──────── INPUT DATA

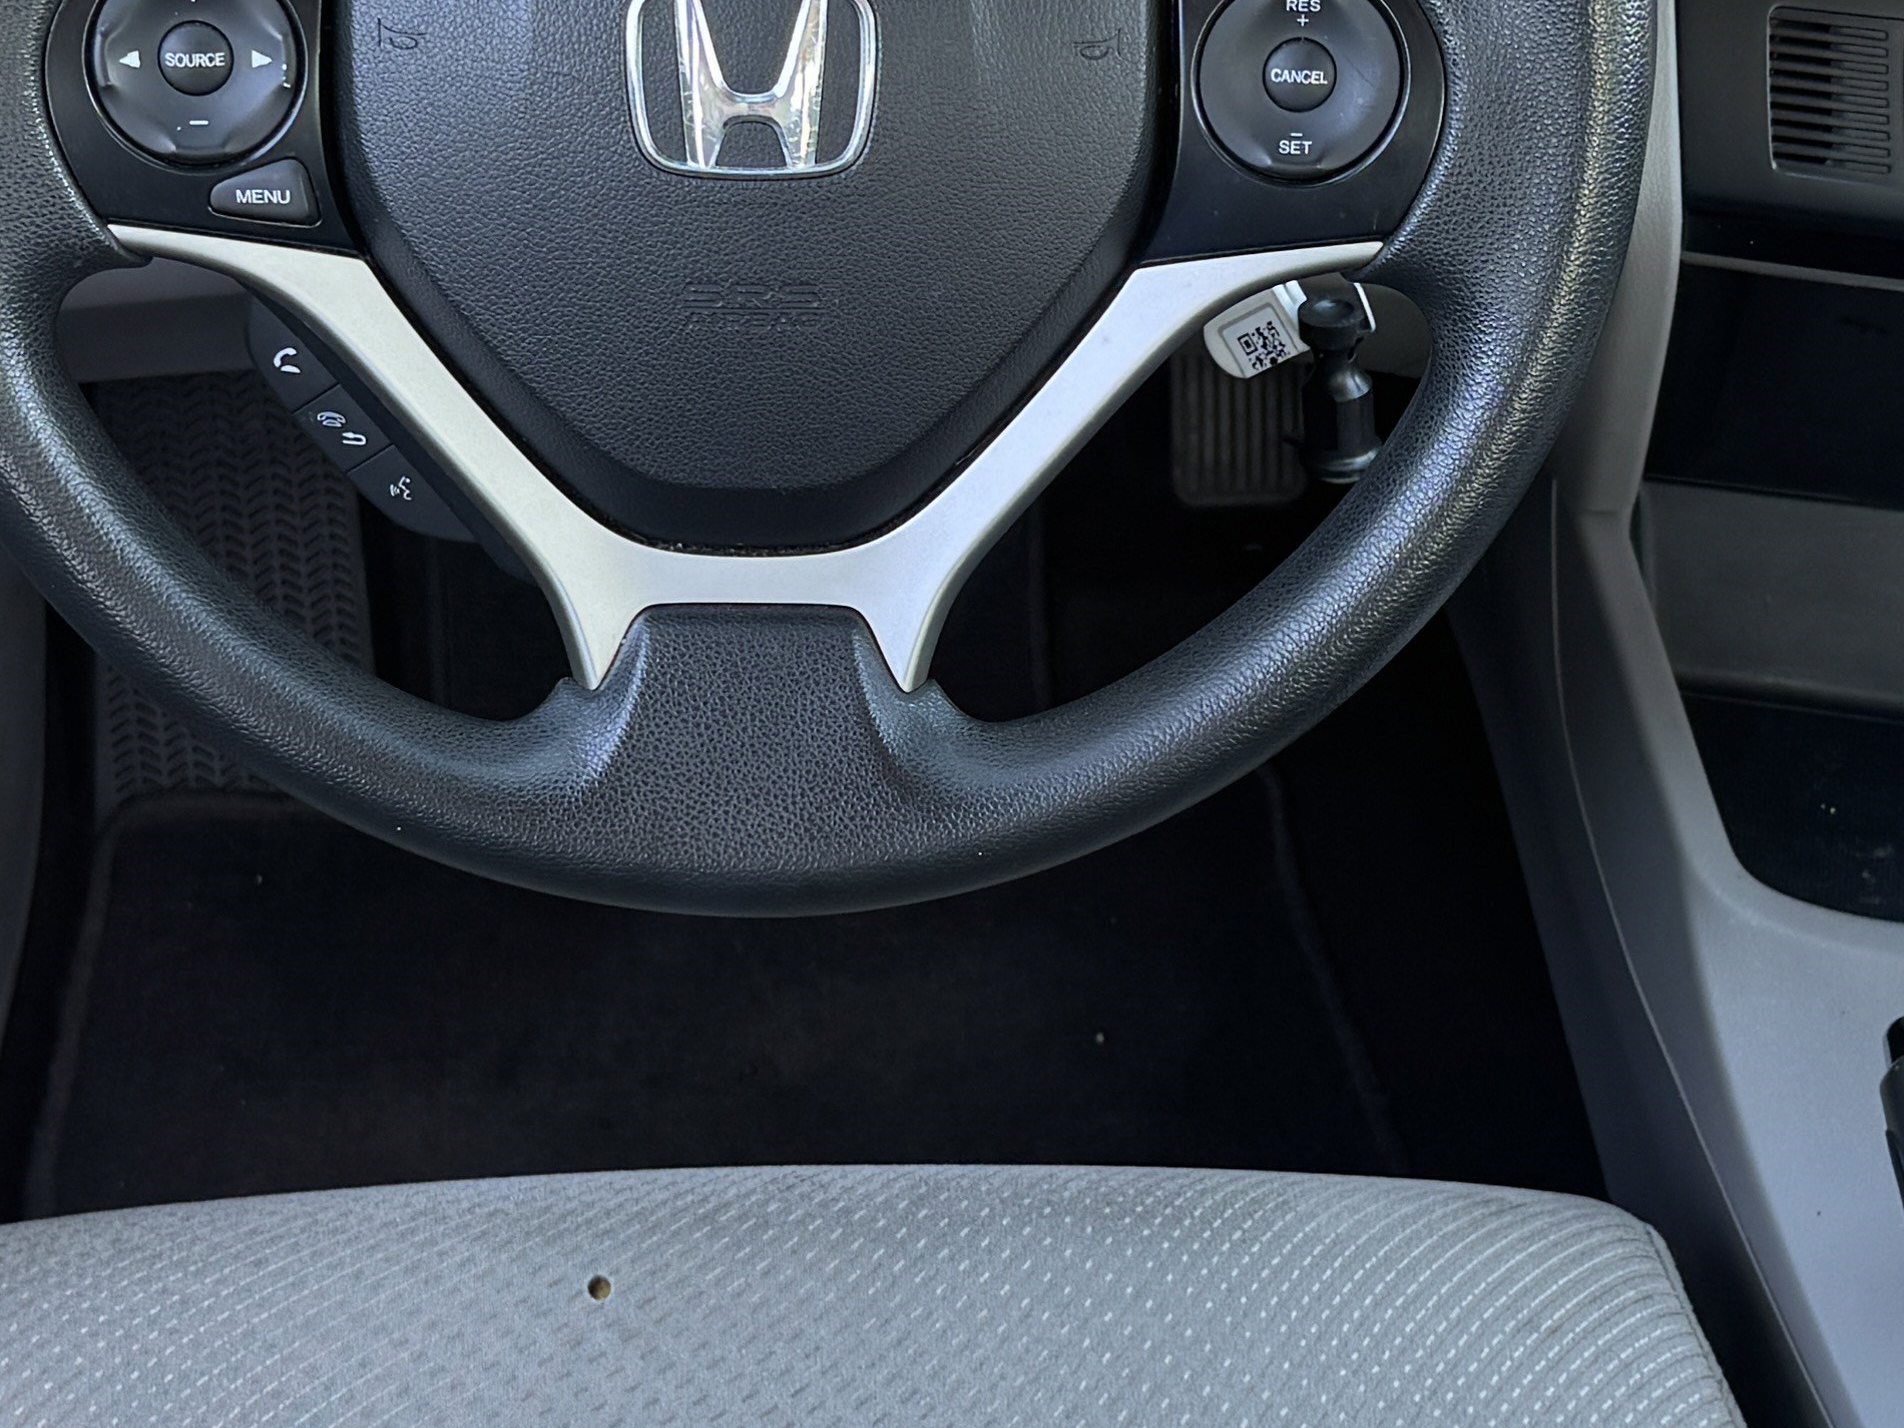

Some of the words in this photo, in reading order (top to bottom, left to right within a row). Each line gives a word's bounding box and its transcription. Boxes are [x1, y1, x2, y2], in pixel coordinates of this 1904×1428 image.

[164, 52, 226, 68] SOURCE
[1269, 68, 1328, 86] CANCEL
[1278, 139, 1313, 155] SET
[235, 188, 292, 205] MENU

────────────────

## ABOUT THIS TASK
Please set down the data above exactly as given, leaving every picture out.

## ANSWER BOX
Some of the words in this photo, in reading order (top to bottom, left to right within a row). Each line gives a word's bounding box and its transcription. Boxes are [x1, y1, x2, y2], in pixel coordinates of this 1904×1428 image.

[164, 52, 226, 68] SOURCE
[1269, 68, 1328, 86] CANCEL
[1278, 139, 1313, 155] SET
[235, 188, 292, 205] MENU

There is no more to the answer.